Quella di ieri è stata una giornata terribile per il governo italiano e il presidente del Consiglio, Mario Draghi. Una giornata, però, fondamentale per ribadire e fissare un concetto vitale: l’Italia è schierata sul fronte dei suoi alleati senza se e senza ma, sia per quanto concerne gli impegni militari nel quadro Nato, sia sul delicatissimo fronte delle sanzioni da imporre alla Russia di Vladimir Putin.
Draghi è arrivato ad alzare metaforicamente la voce in patria e all’estero, dopo ore di rumors, insinuazioni e fraintendimenti su quali fossero le reali volontà di Roma. Prima le voci sul No che sarebbe stato opposto (anche dalla Germania) alla decisione europea di preparare l’esclusione di Mosca dallo Swift, il sistema internazionale per i pagamenti e i crediti bancari, poi “l’incidente“ della telefonata con il presidente ucraino Zelensky, interrotta a causa dei combattimenti e seguita da un tweet angosciante e sarcastico dello stesso Zelenski verso Draghi.
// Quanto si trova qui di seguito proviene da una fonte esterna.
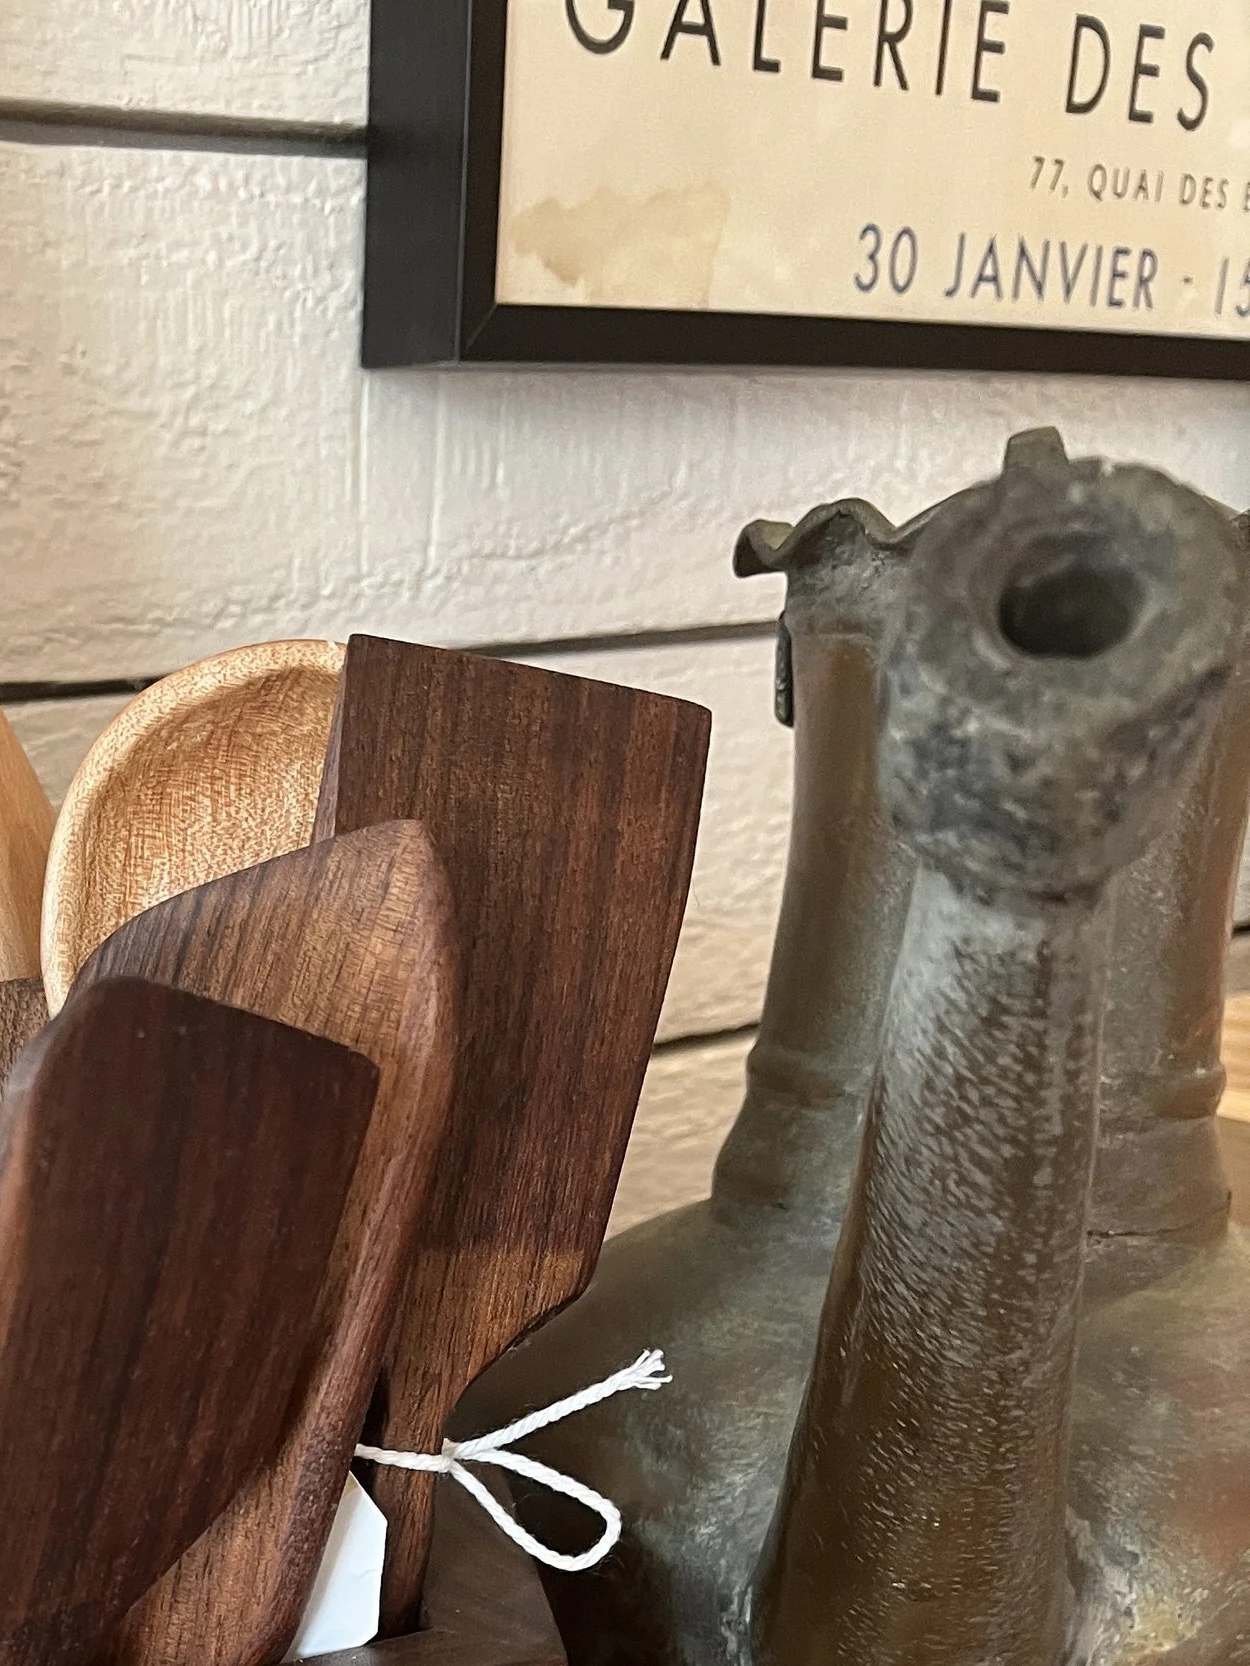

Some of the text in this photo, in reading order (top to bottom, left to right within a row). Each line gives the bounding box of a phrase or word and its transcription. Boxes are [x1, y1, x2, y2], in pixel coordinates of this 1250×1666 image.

[1065, 13, 1215, 131] DES
[1087, 163, 1165, 202] QUAI
[1179, 174, 1229, 210] DES
[853, 222, 918, 295] 30
[944, 232, 1159, 310] JANVIER
Un’incomprensione, all’evidenza, che però agli occhi della Russia doveva apparire un meraviglioso esempio della spaccatura nel fronte occidentale. A corollario, i timori sempre più forti per le ricadute economiche interne.
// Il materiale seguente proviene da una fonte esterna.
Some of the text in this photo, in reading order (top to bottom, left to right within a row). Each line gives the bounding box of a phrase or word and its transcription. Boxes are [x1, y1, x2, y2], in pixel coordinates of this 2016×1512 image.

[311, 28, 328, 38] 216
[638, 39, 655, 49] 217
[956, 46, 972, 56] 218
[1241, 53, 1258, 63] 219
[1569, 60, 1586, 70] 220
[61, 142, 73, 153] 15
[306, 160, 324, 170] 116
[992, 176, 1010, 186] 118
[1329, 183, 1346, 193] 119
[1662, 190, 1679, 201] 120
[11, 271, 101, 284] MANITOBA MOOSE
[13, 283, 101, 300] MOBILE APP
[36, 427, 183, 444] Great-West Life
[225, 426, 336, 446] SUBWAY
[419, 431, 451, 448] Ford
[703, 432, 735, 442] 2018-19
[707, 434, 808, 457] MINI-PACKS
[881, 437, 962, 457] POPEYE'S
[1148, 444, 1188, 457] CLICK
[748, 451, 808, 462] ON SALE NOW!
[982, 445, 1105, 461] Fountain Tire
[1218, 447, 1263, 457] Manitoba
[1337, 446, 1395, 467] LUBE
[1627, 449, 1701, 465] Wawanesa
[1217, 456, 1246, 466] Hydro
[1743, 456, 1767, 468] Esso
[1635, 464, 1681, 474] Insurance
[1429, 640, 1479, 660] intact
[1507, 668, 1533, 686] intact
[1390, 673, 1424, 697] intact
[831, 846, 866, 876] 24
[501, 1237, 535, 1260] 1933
Alla fine, Draghi ha chiarito due concetti molto semplici: “so perfettamente che le sanzioni ci costeranno moltissimo in termini economici, a cominciare dal rebus dell’approvvigionamento energetico.
Epperò non c’è il minimo dubbio e tentennamento sullo schierarsi con i partner europei e gli Stati Uniti (Swift compreso). Siamo pronti a mettere a disposizione 3400 militari per il piano di deterrenza dell’Alleanza atlantica“.
Una chiarezza necessaria, diremmo di più: vitale, in un momento in cui non è in gioco solo il futuro dell’Ucraina, ma dell’intero assetto internazionale così come lo conosciamo dalla caduta del Muro. Non a caso, la riflessione-base di Draghi è l’amara certezza che con i bugiardi e i ricattatori (Putin) non si può trattare.